■ **Work to complete**: Reproduce the records below exactly; no pictures.

■ **Image-backed grounding data**:
◇ ◇ ◇ ◇
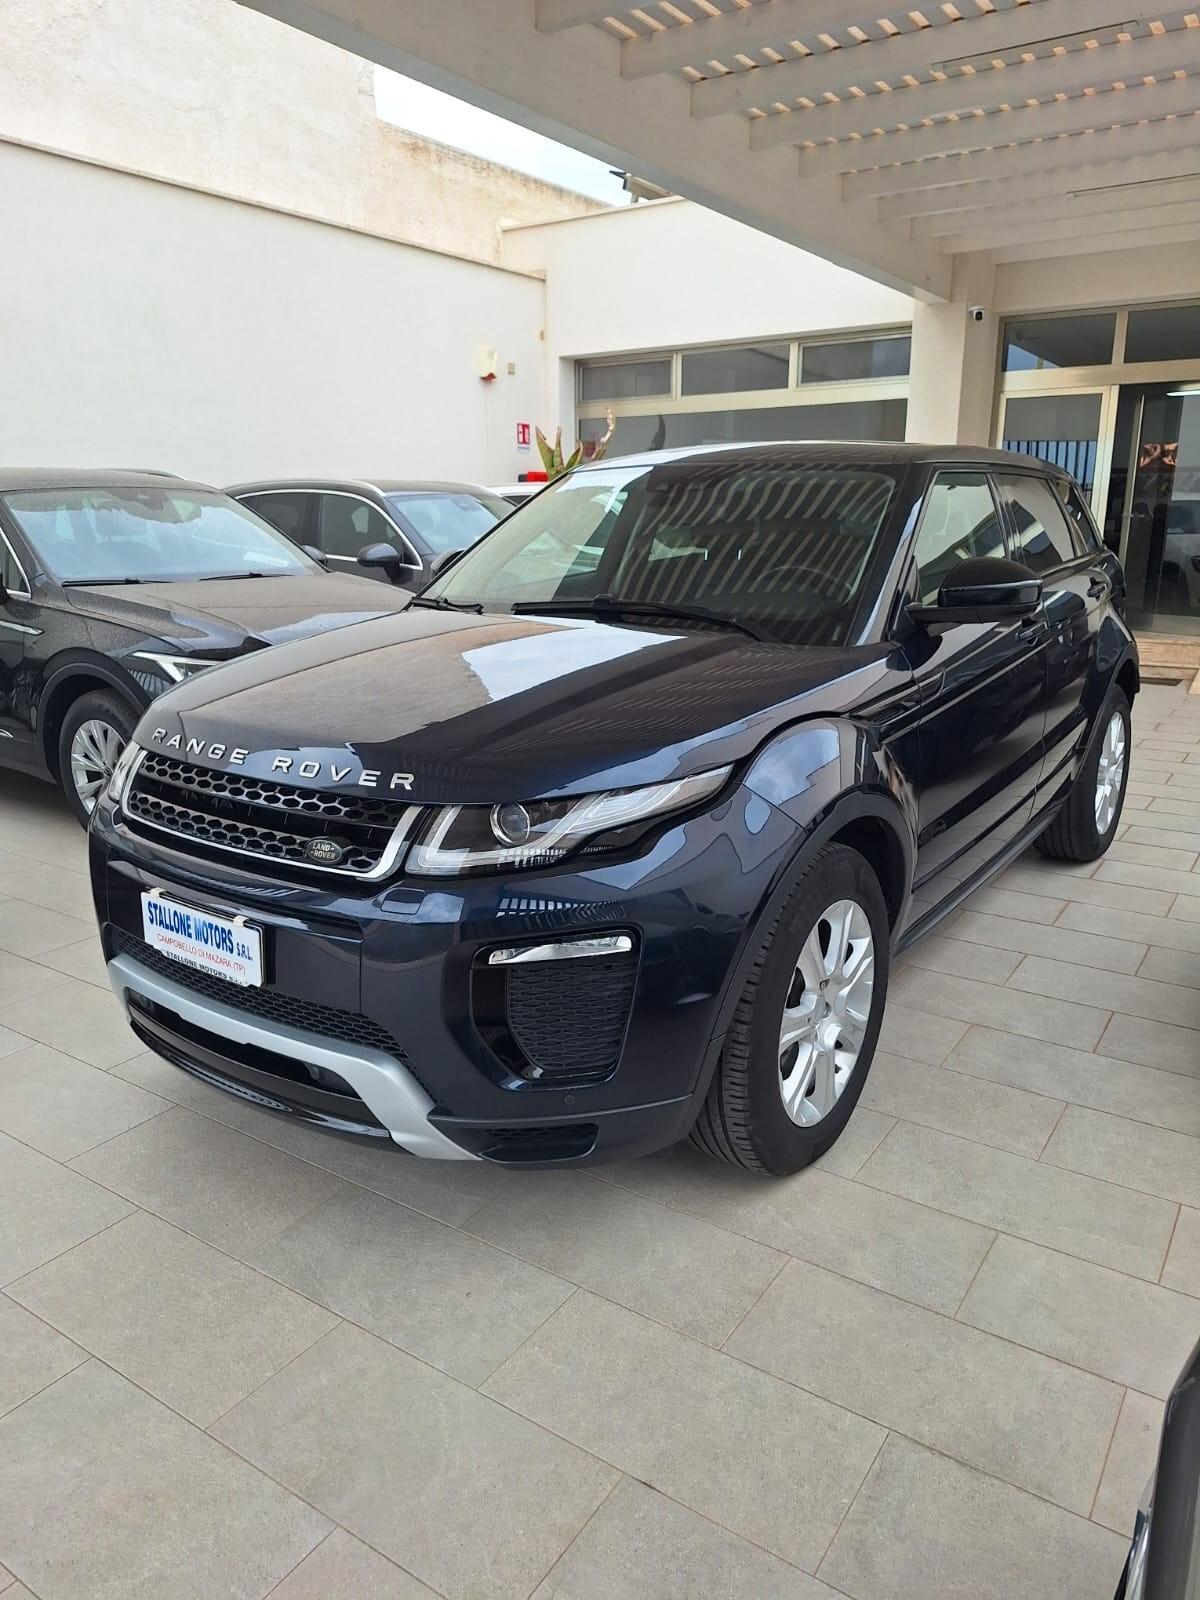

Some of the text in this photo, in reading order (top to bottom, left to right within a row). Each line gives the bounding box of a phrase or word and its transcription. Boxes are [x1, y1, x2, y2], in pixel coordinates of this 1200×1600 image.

[151, 727, 415, 791] RANGE ROVER
[148, 901, 192, 939] STALLONE
[194, 917, 234, 955] MOTORS
[157, 933, 197, 955] CAMPOBELLO
[205, 951, 232, 969] MAZARA
◇ ◇ ◇ ◇
■ **Written solution**:
Some of the text in this photo, in reading order (top to bottom, left to right within a row). Each line gives the bounding box of a phrase or word and its transcription. Boxes are [x1, y1, x2, y2], in pixel coordinates of this 1200×1600 image.

[151, 727, 415, 791] RANGE ROVER
[148, 901, 192, 939] STALLONE
[194, 917, 234, 955] MOTORS
[157, 933, 197, 955] CAMPOBELLO
[205, 951, 232, 969] MAZARA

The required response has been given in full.